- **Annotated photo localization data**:
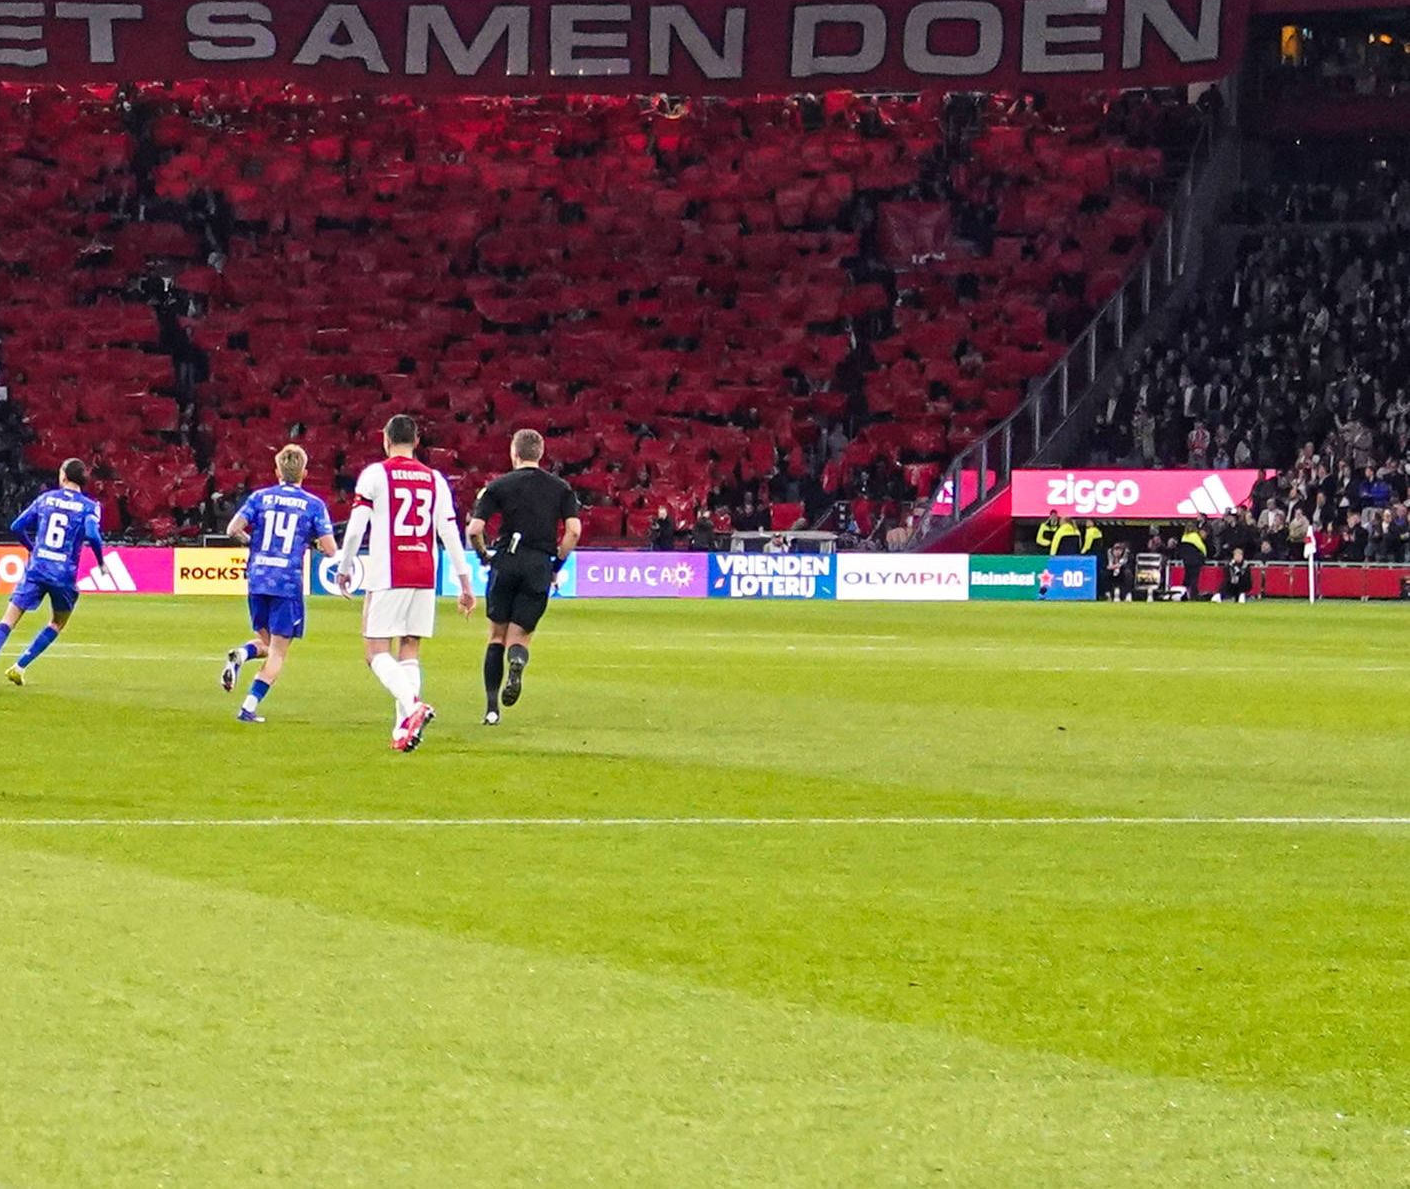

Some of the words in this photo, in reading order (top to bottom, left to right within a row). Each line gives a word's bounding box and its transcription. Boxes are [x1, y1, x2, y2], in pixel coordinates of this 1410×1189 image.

[185, 0, 747, 79] SAMEN
[1047, 472, 1140, 514] ziggo
[45, 512, 69, 549] 6
[393, 487, 433, 537] 23
[261, 510, 299, 555] 14
[716, 554, 830, 576] VRIENDEN
[843, 571, 962, 586] OLYMPIA
[970, 570, 1036, 586] Heineken
[731, 576, 816, 598] LOTERIJ
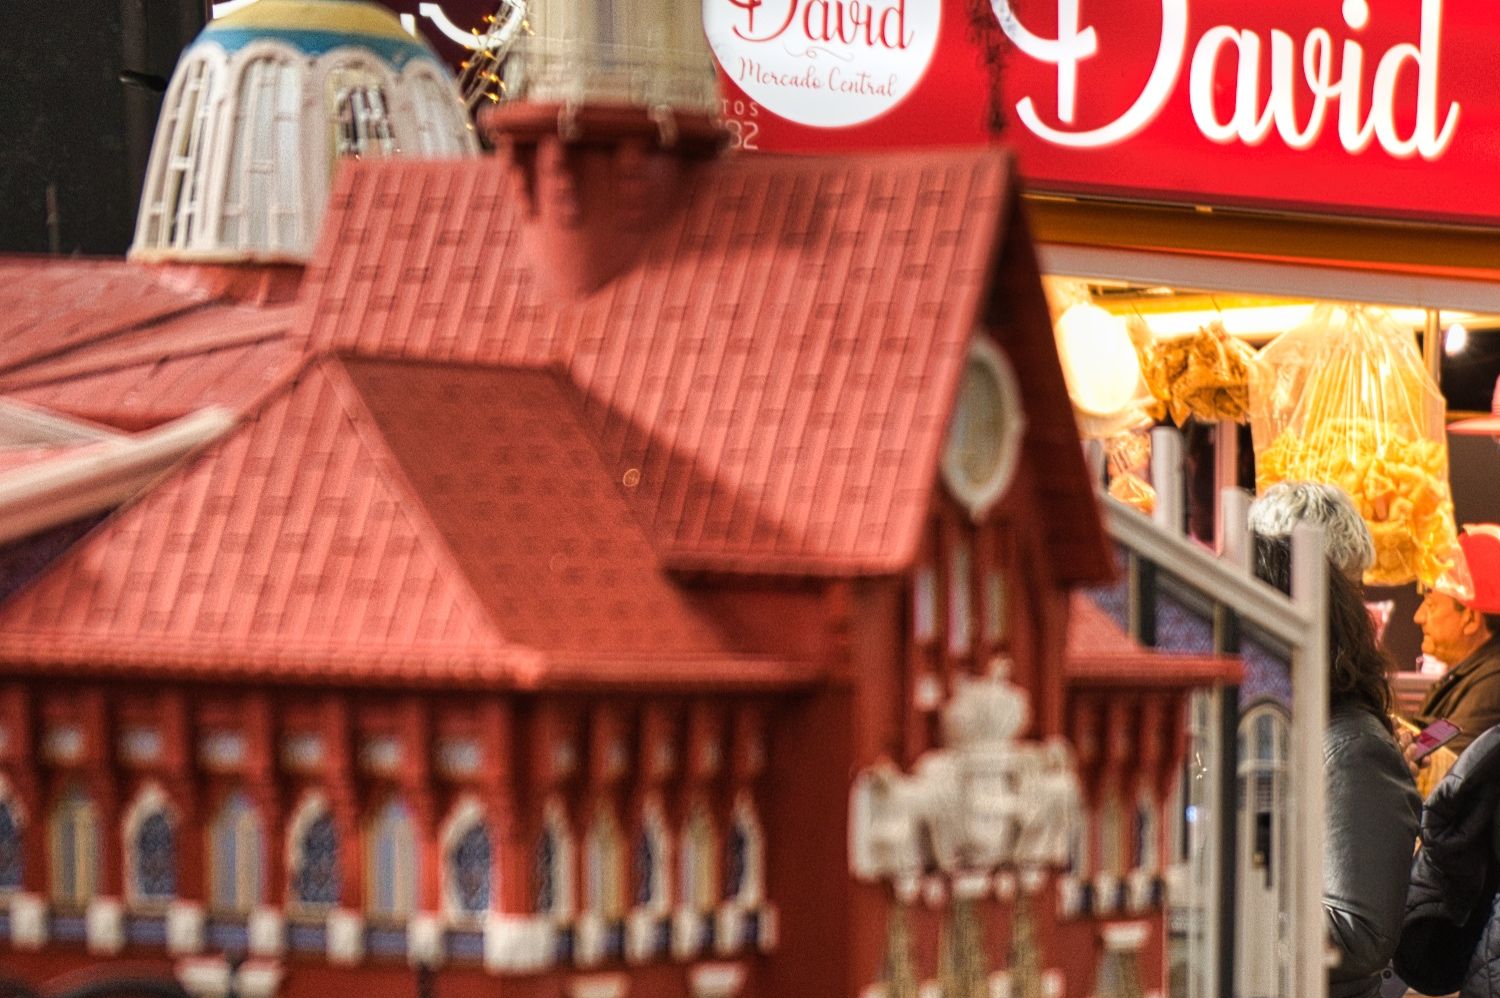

- **About this task**: Leave every picture out, and transcribe the data above exactly as it reads.

- **Answer section**:
Some of the words in this photo, in reading order (top to bottom, left to right within a row). Each line gives a word's bounding box and its transcription. Boxes are [x1, y1, x2, y2], in pixel coordinates of this 1410×1189 image.

[185, 0, 747, 79] SAMEN
[1047, 472, 1140, 514] ziggo
[45, 512, 69, 549] 6
[393, 487, 433, 537] 23
[261, 510, 299, 555] 14
[716, 554, 830, 576] VRIENDEN
[843, 571, 962, 586] OLYMPIA
[970, 570, 1036, 586] Heineken
[731, 576, 816, 598] LOTERIJ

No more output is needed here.